In this month’s report, I explore the anxieties that hold me back. A review of Pathological Demand Avoidance (also known as Persistent Drive for Autonomy) reveals significant overlap with the “stuckness” I’ve faced for decades, suggesting a new approach.
What Are Groundhog Day Resolutions?
Groundhog Day Resolutions (GHDR) are how I remember what days to review my goal(s) over the year.
Kickoff with a list of goals/directives on February 2nd. Review progress on each report day, which start on March 3 and end on December 12.
The Schedule
02/02 Feb 2
Groundhog Day! Lay down the strategic plan!
02/14 Feb 14
Valentine’s Day - Optionally, use this as the start of planning, and finalize your goals on February 14 as a valentine to yourself!
03/03 Mar 3
Monthly Review #1
04/04 Apr 4
Monthly Review #2 - Adjust goals as necessary
05/05 May 5
Monthly Review #3
06/06 Jun 6
Monthly Review #4 - Adjust goals as necessary
07/07 Jul 7
Monthly Review #5 - Review strategic direction. Optionally take off a month to enjoy the summer.
08/08 Aug 8
Monthly Review #6 - Optionally take off a month to enjoy the summer, or adjust goals as necessary
09/09 Sep 9
Monthly Review #7
10/10 Oct 10
Monthly Review #8 - Adjust goals as necessary to gain closure on the year?
11/11 Nov 11
Monthly Review #9
12/12 Dec 12
Final Review #10 - Summarize achievements for the year, break for holidays.
13/13 Jan 13
Postmortem + Planning - One month after the last report of prior year
The important thing is that you regularly review your progress, as this is how you develop insight about your goals and refine them.
If you miss February 2nd, just start on the next double-day (e.g. March 3)
Examples of my GHDR Reports
- A year-by-year summary of kickoff posts. Warning: my reports are written like a qualitative study, but that is NOT part of GHDR.


Happy Groundhog Resolutions Report Day! In the last post, I made a big list of questions and directives that would guide this year’s quest to become both happier and financially secure by creating stuff that I think is cool. However, there has been this nagging feeling I might not be capable of doing it.
It’s been almost two decades of me trying to make progress on this goal in one form or another, and I still find it extremely difficult and mentally draining. If this was really what I want to do, shouldn’t I feel more motivated? Shouldn’t it feel easier?
So bothersome and demoralizing. Let’s take another whack at fixing this.

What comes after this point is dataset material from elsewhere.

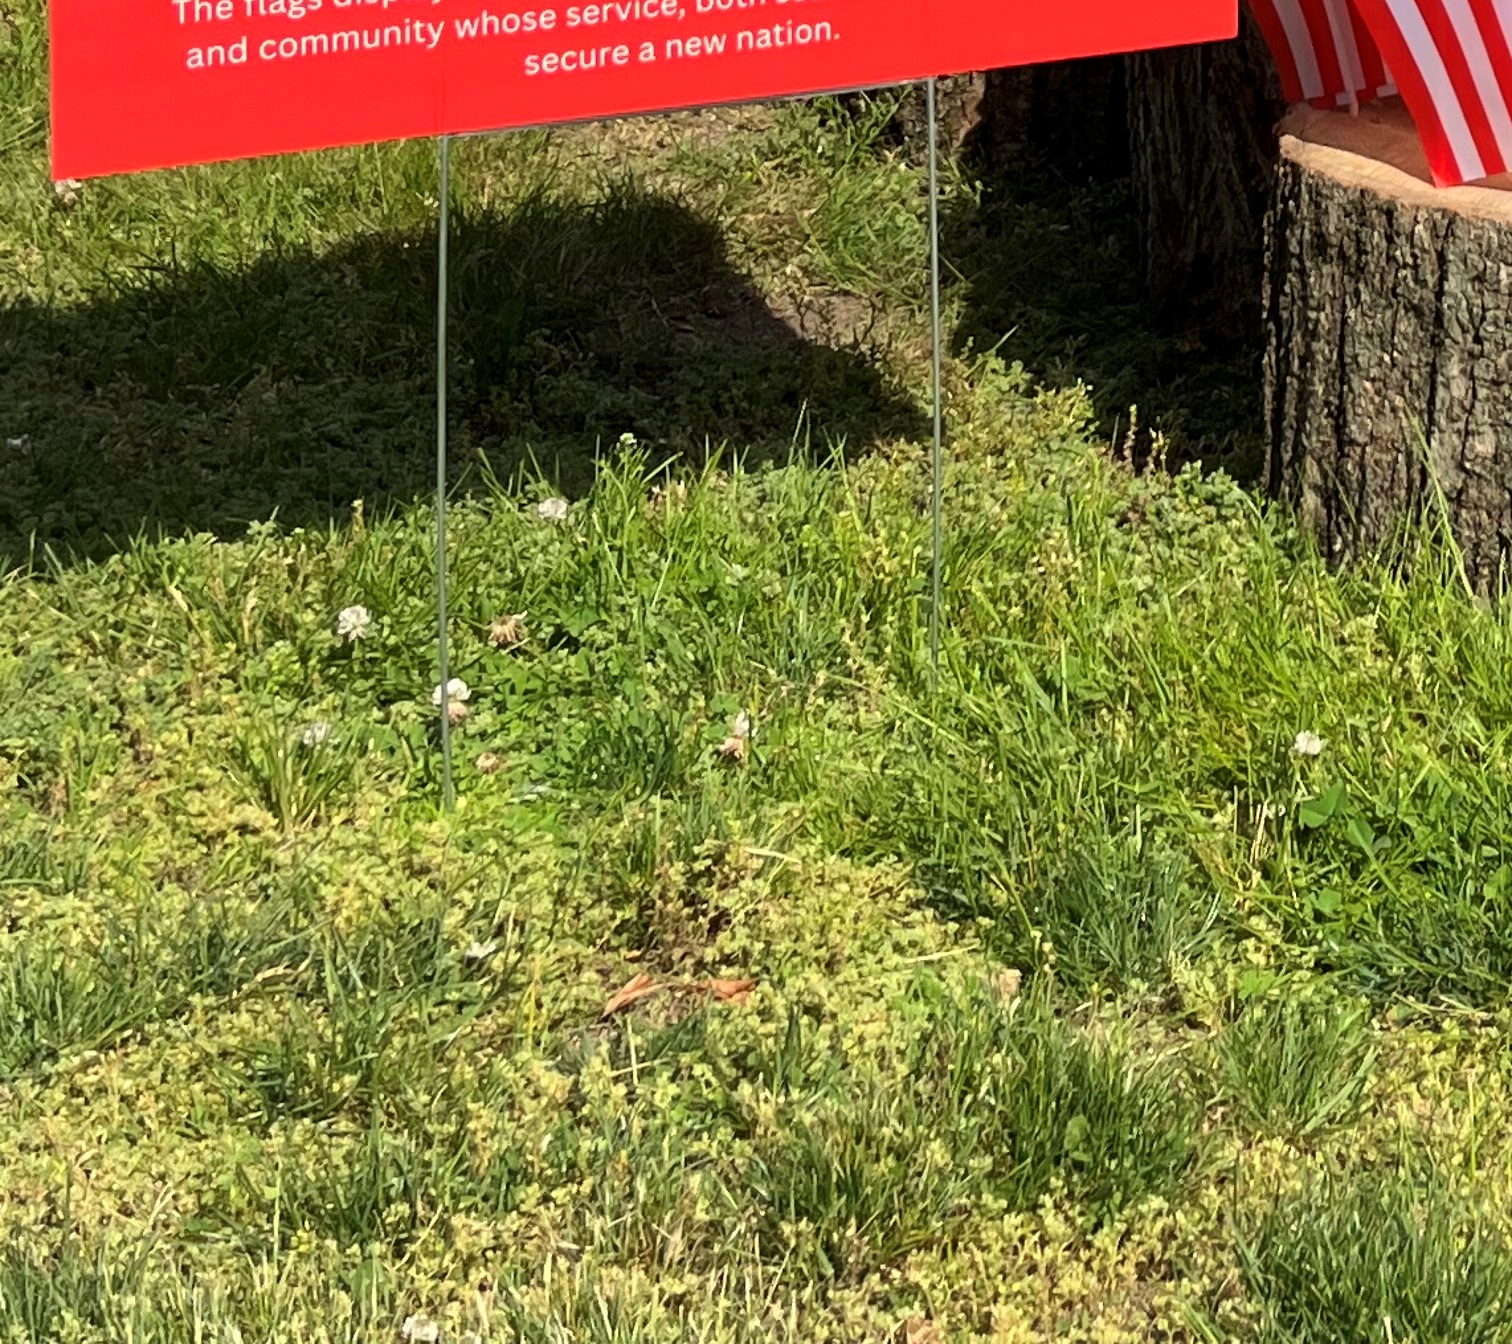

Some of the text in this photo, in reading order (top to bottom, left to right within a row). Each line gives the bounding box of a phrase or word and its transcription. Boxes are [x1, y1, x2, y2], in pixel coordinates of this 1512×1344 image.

The Underlying Premise Behind GHDR
Underneath all my complicated GHDR-ing, my Big Goal is simply:
- to be happier and financially secure
- by creating things I think are cool
This is the Holy Grail for many people compelled to invest time and money into creating something that didn’t exist before. The desire to make a living from this is not universal, but I am one of those people who believe it would work better for me because I don’t fit neatly into employment situations.
But I digress. I started this year by askings questions that I hoped would help me catch a glimpse of a path to the Big Goal. However, I am starting to fear that it is beyond my capabilities. The historical data supports this, as I find it extremely difficult to self-motivate.
This leads to this lamentation:
If this was really what I want to do, shouldn’t I feel more motivated? Shouldn’t it feel easier?
Naming Sticky Points
After getting that off my chest, I think that I’m facing at least two smaller lamentations:
- Fear: I am afraid to be myself, because I think that pushes people away.
- Frustration: Why am I not motivated? I can do the work, but I don’t.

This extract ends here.